Input for this task section start
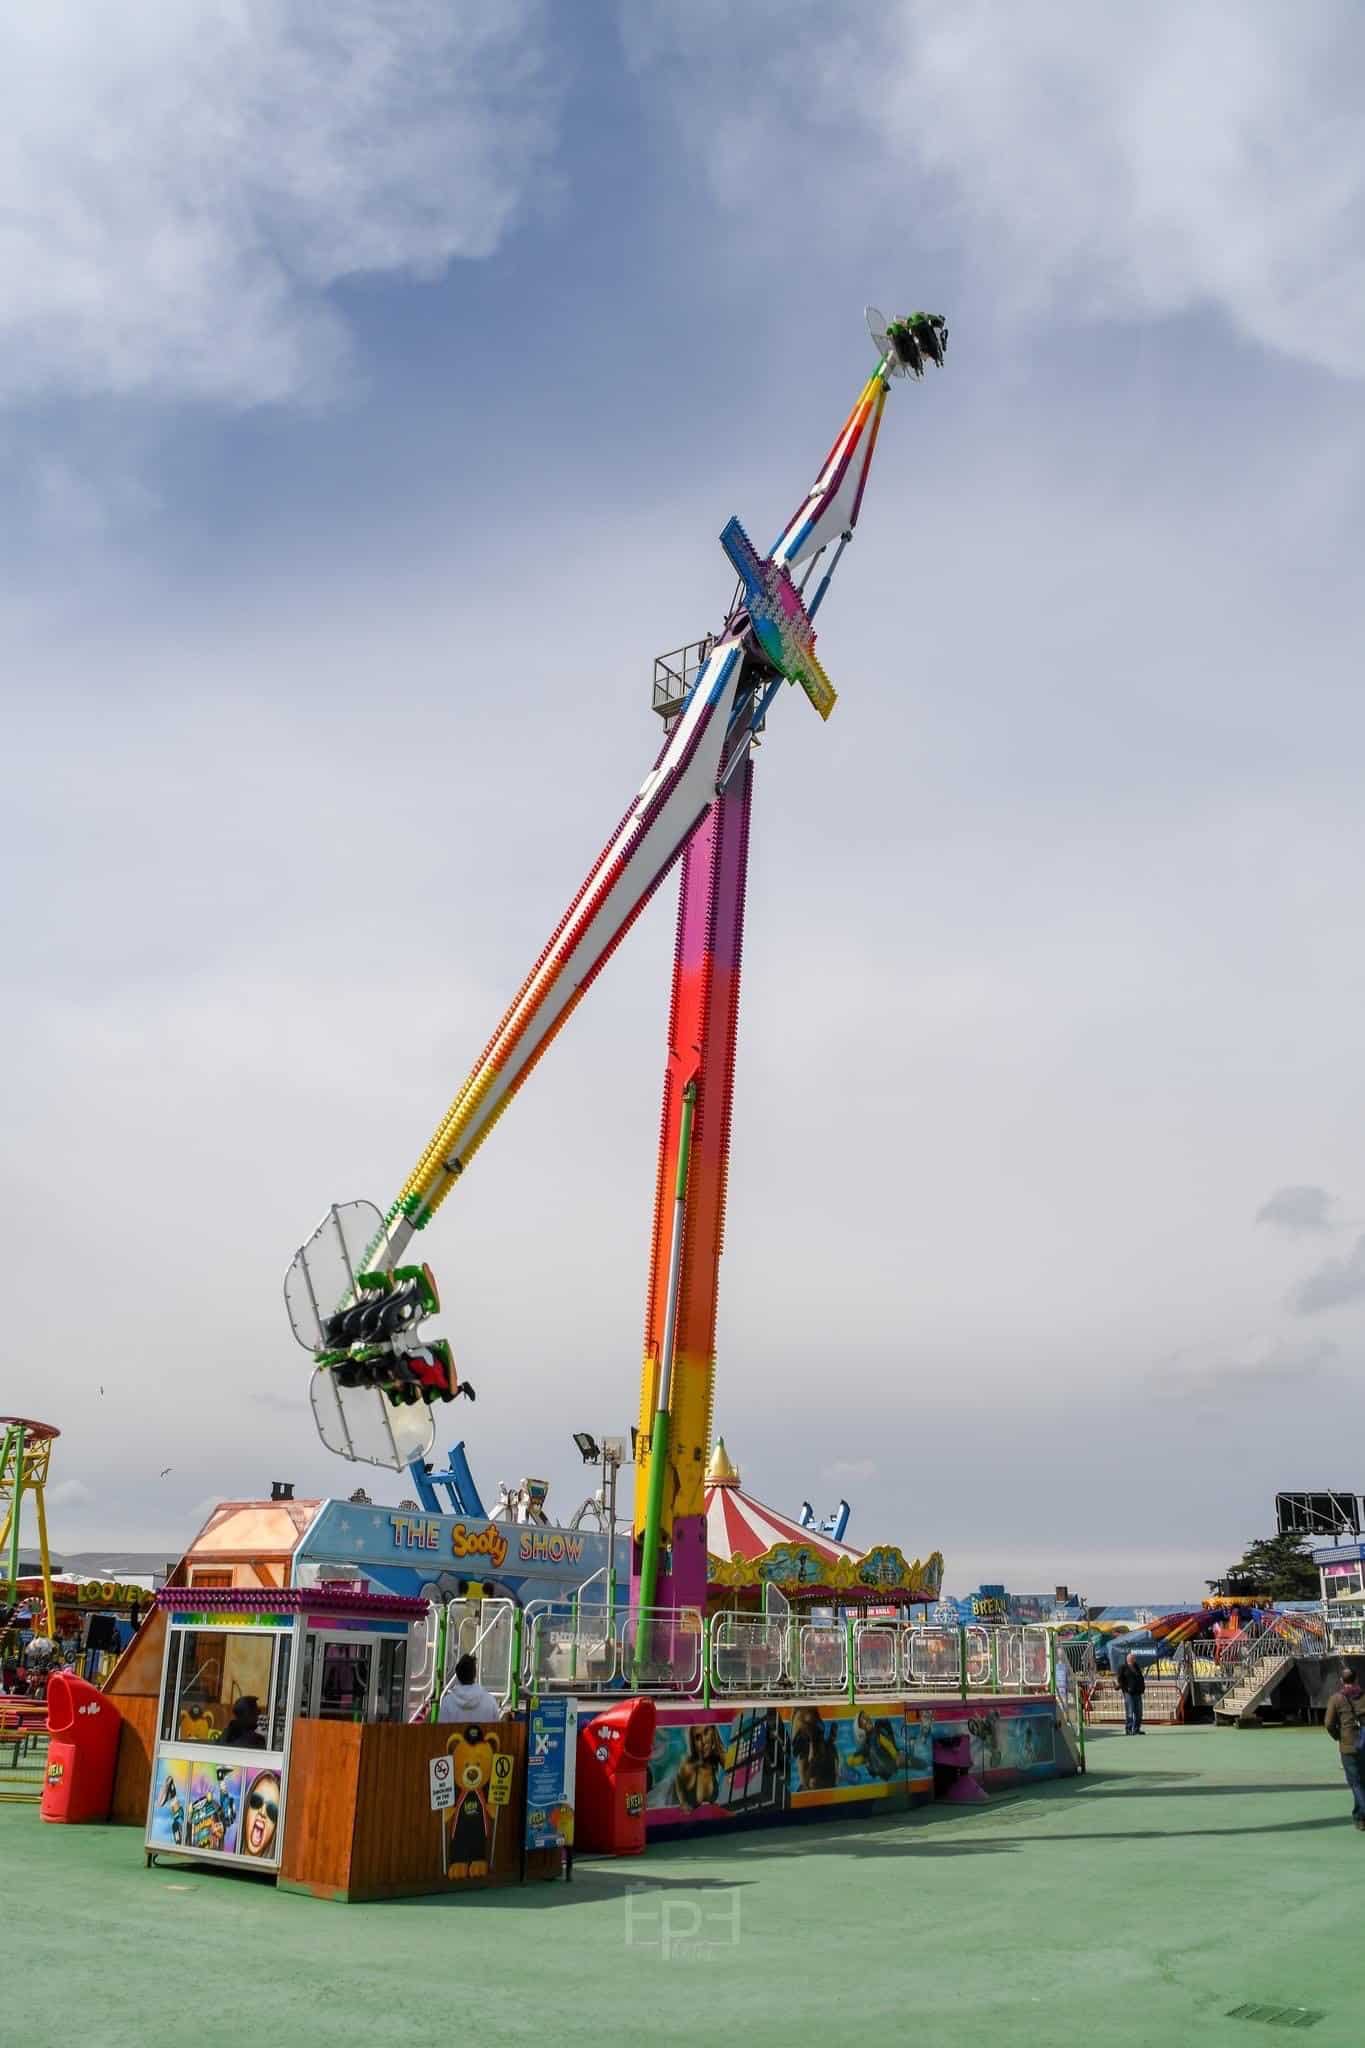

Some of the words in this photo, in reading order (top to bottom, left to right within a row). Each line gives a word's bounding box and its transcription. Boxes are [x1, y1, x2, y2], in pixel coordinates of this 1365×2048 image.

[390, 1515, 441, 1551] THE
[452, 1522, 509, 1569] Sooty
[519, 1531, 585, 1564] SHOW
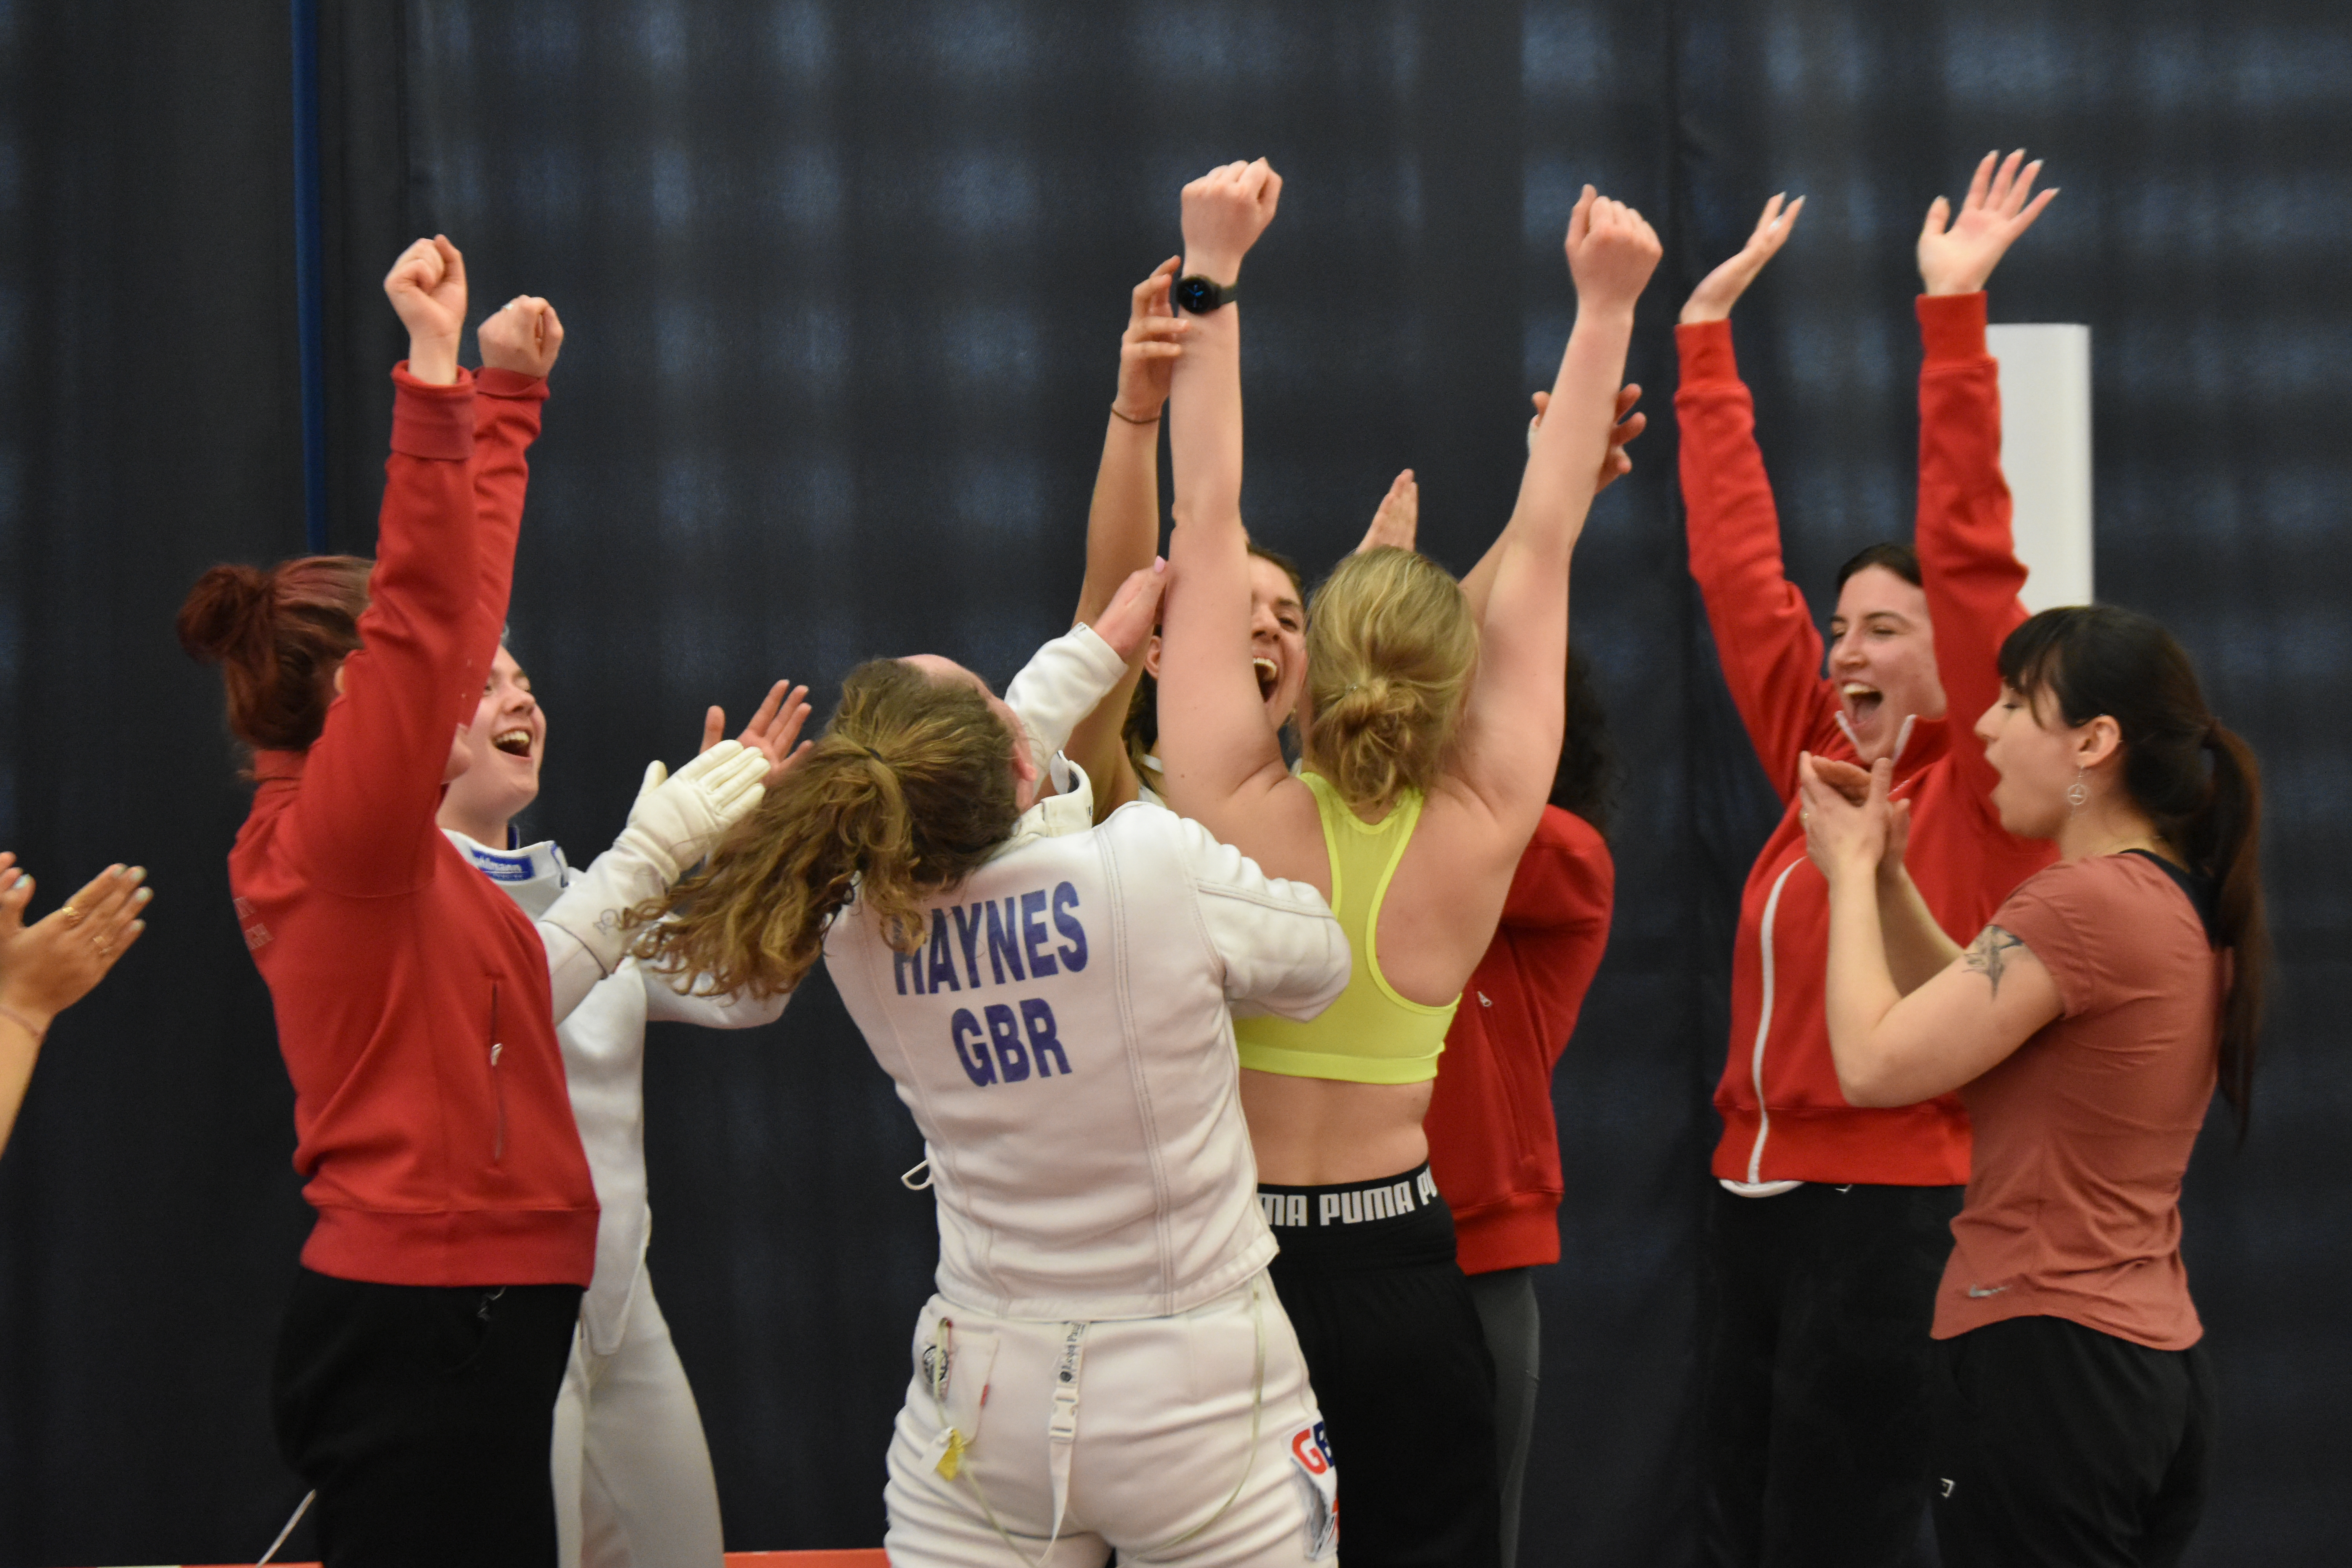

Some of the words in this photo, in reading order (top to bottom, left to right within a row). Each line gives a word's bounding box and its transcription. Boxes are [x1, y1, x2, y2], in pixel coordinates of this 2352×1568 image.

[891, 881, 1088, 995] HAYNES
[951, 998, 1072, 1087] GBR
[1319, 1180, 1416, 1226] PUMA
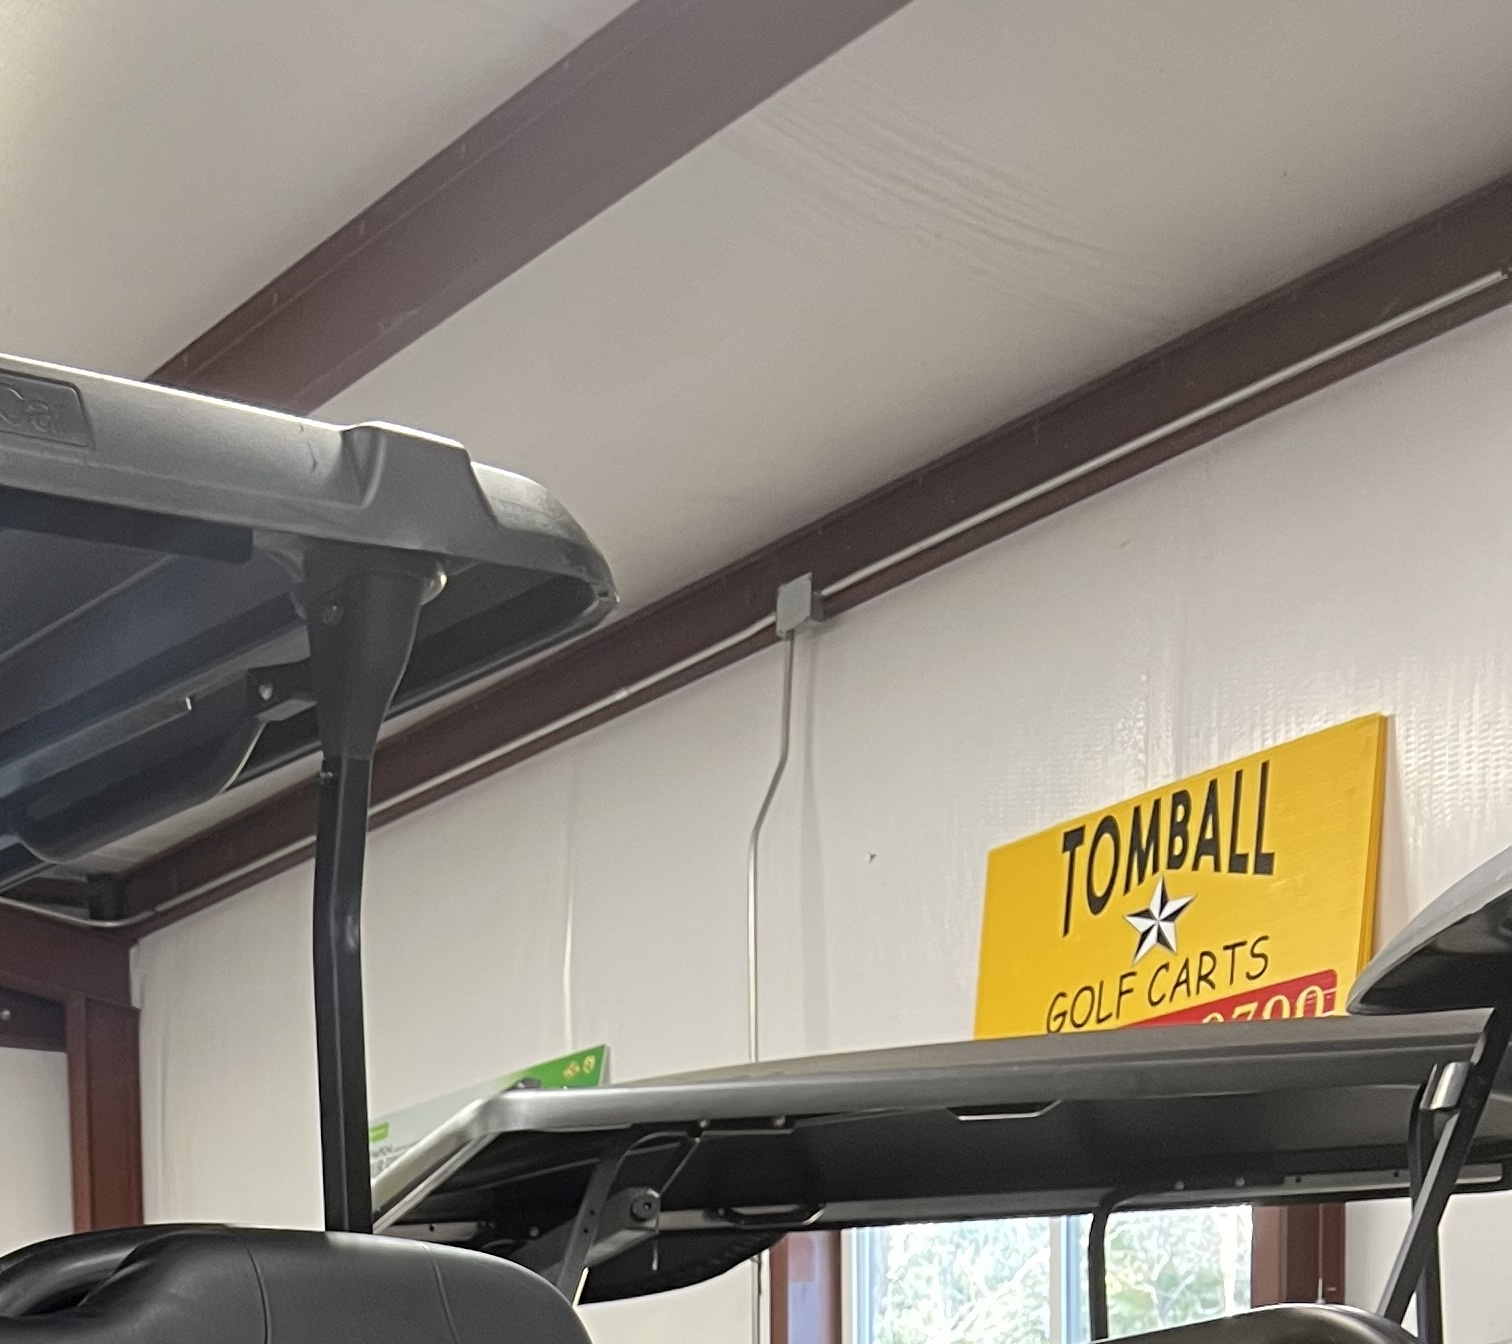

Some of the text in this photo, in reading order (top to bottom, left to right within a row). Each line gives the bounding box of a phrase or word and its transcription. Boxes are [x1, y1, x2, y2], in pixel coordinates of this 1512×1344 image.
Input for this task section end
What to produce »
A word-for-word copy of the entries above is what is needed, without any images.

Answer box »
Some of the words in this photo, in reading order (top to bottom, left to right within a row). Each line gives a word's bounding box and its transcription. Boxes are [x1, y1, x2, y2], in pixel coordinates of this 1365×2048 image.

[390, 1515, 441, 1551] THE
[452, 1522, 509, 1569] Sooty
[519, 1531, 585, 1564] SHOW

Some of the words in this photo, in reading order (top to bottom, left to right within a row). Each line gives a word's bounding box and its transcription. Boxes are [x1, y1, x2, y2], in pixel coordinates of this 2352×1568 image.

[891, 881, 1088, 995] HAYNES
[951, 998, 1072, 1087] GBR
[1319, 1180, 1416, 1226] PUMA

Some of the text in this photo, in reading order (top to bottom, left to right within a row). Each line gives the bounding box of a phrase or word and its transcription. Boxes are [x1, y1, x2, y2], in pixel coordinates of this 1512×1344 image.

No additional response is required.